Words to describe that which they were looking at wouldn’t express enough. Right above the meadow floated the shape of a Pokemon. It had a small, imp like body and a large head resembling a ladybug’s shell. The Pokemon, whose eyebrows resembled an Orbeetle’s, looked as if smothered in dark blue ink, in spite of the sun’s blessed light beaming down upon it. All its colours of its body had been dimmed to a near unrecognisable monochrome. The eyes had taken on a reddish purple glow, burying the pupils and irises under a sinister mask devoid of any emotion. All they did was stare lifelessly ahead, straight through the souls of the Oshawott and Charmander staring at the Pokemon in wide-jawed horror.
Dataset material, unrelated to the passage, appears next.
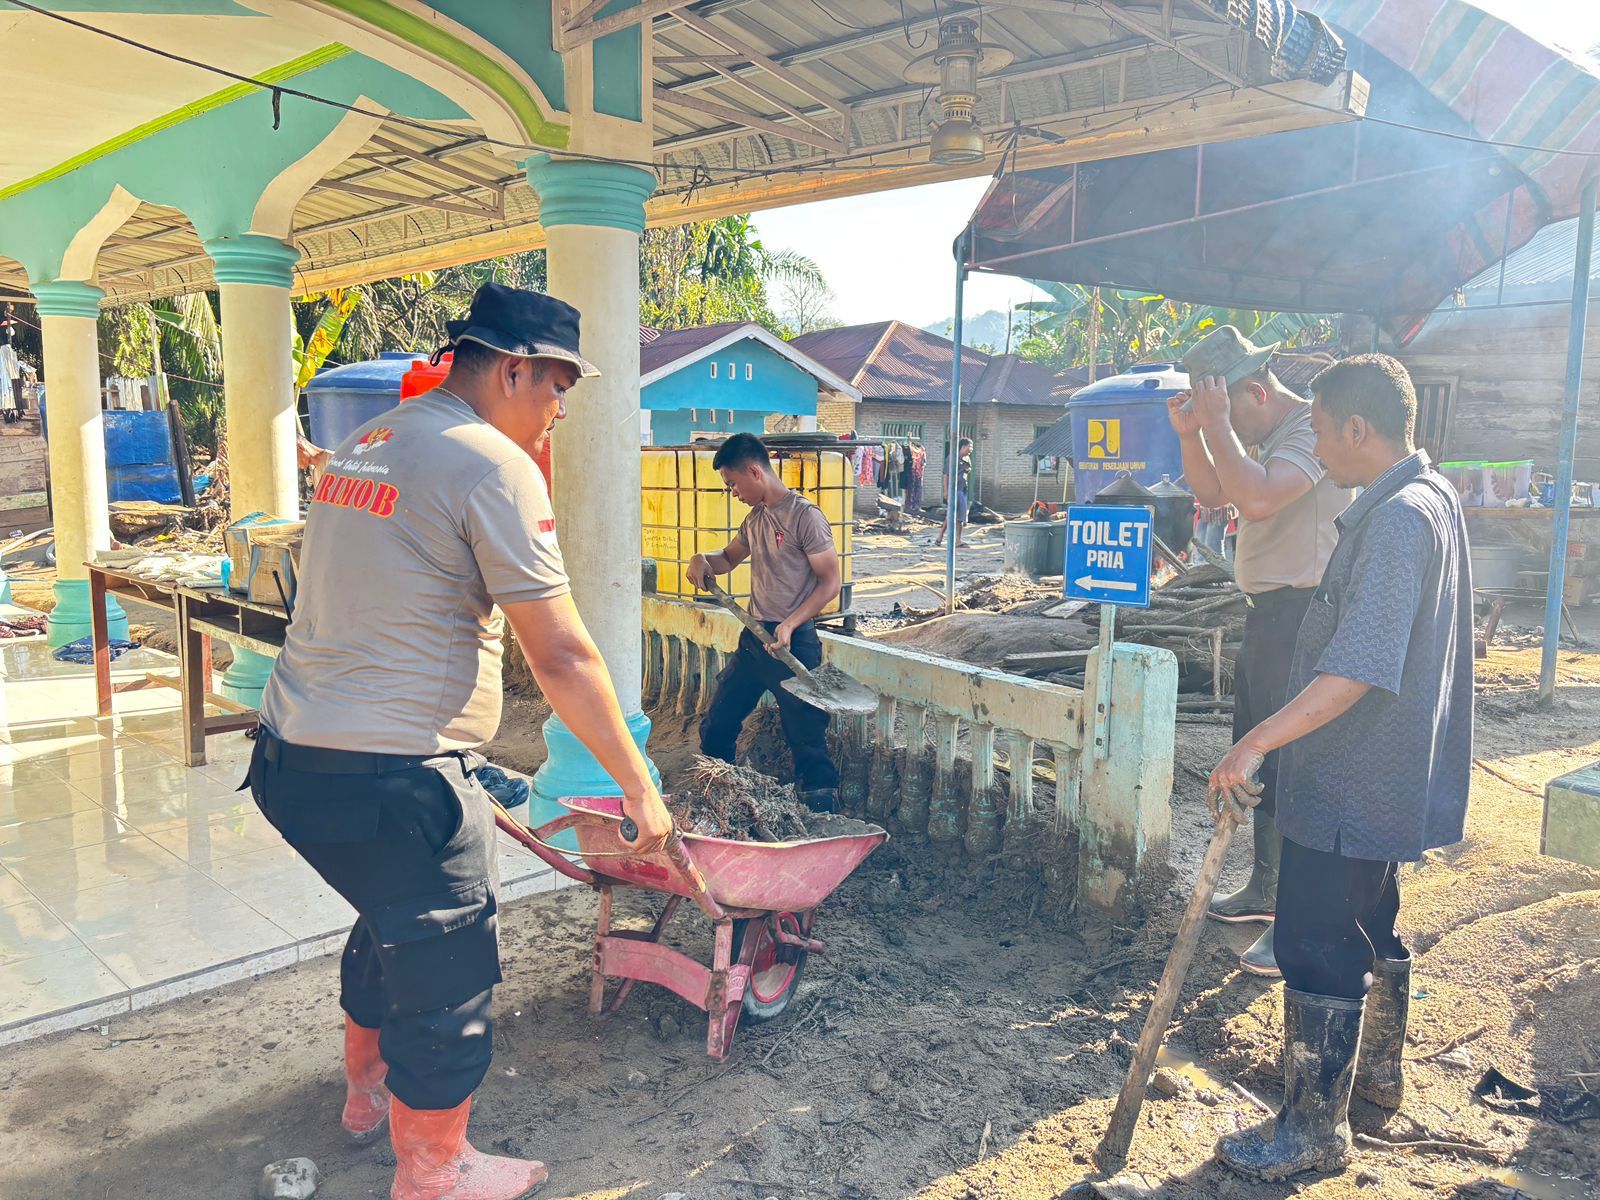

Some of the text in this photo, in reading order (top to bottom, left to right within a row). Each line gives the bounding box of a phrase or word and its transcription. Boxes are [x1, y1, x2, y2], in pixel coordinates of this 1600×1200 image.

[313, 473, 400, 518] RIMOB
[1069, 520, 1148, 547] TOILET
[1086, 550, 1124, 569] PRIA
Before either of them had the chance to move, the Orbeetle threw its mouth open, releasing an ear-piercingly sharp hiss that stung George and Blitzer deep. Like the stinger of a Beedrill burrowing into its prey, it pierced their ears, kicking up a terrible headache in them both. An instinct sent George’s hand flying towards his scalchop. They weren’t leaving without a fight.
“Graah! You’ll pay for that, you creepy insectoid!”
Blitzer reeled backwards and spat out a glob of flame. The Orbeetle flicked its body sidewards: The fireball hit nothing but a shadowy trail that looked like black vapour. Blitzer looked stunned. The Orbeetle stretched its arms out over its large head; a giant ball of purple materialised above, and flung it at them. They jumped sidewards away from each other; an explosion hit the spot they were standing at, scraping past their hides and sending shrapnels of dirt flying through the air
“Aah!”
Coughing and sputtering from the taste of dirt, George got back up. No time to check up on Blitzer; the Orbeetle readied to strike again. He jumped the gun and pulled on his aquatic energies, spitting out a solid stream of water in the shadowy Pokemon’s general vicinity. It connected, to little effect. The ladybug Pokemon took the attack head on. It shrugged it off like mere drops of rain, then threw back its arms to retaliate. The purple glow in its eyes strengthened. A droning sound through the meadow and nearby forest. George could feel the beat of his heart under his ribs. Everywhere he could run, the attack would follow him. His instincts told him to run, yet he couldn’t. With eyes wide open, he watched as the Orbeetle threw its arms ahead, sending a beam crackling through the air straight towards him. A streak of orange jumped into the corner of his eye. Yelping, he was slammed onto his belly, sliding to a stop while clutching his scalchop tight in his hand.
“Argh!”
George rolled onto his back to see Blitzer standing beside him, sucking in a deep breath through his nose before spitting out a mixture of blue and red fire. A cry sounded in the distance. Blitzer closed his mouth and sighed with relief, then panted as he pulled George back onto two feet.
“You alright there?”
“Yeah, I think so… what was that?!”
“I don’t know! I’ve never seen anything like it! What’s with that glow in its eyes?”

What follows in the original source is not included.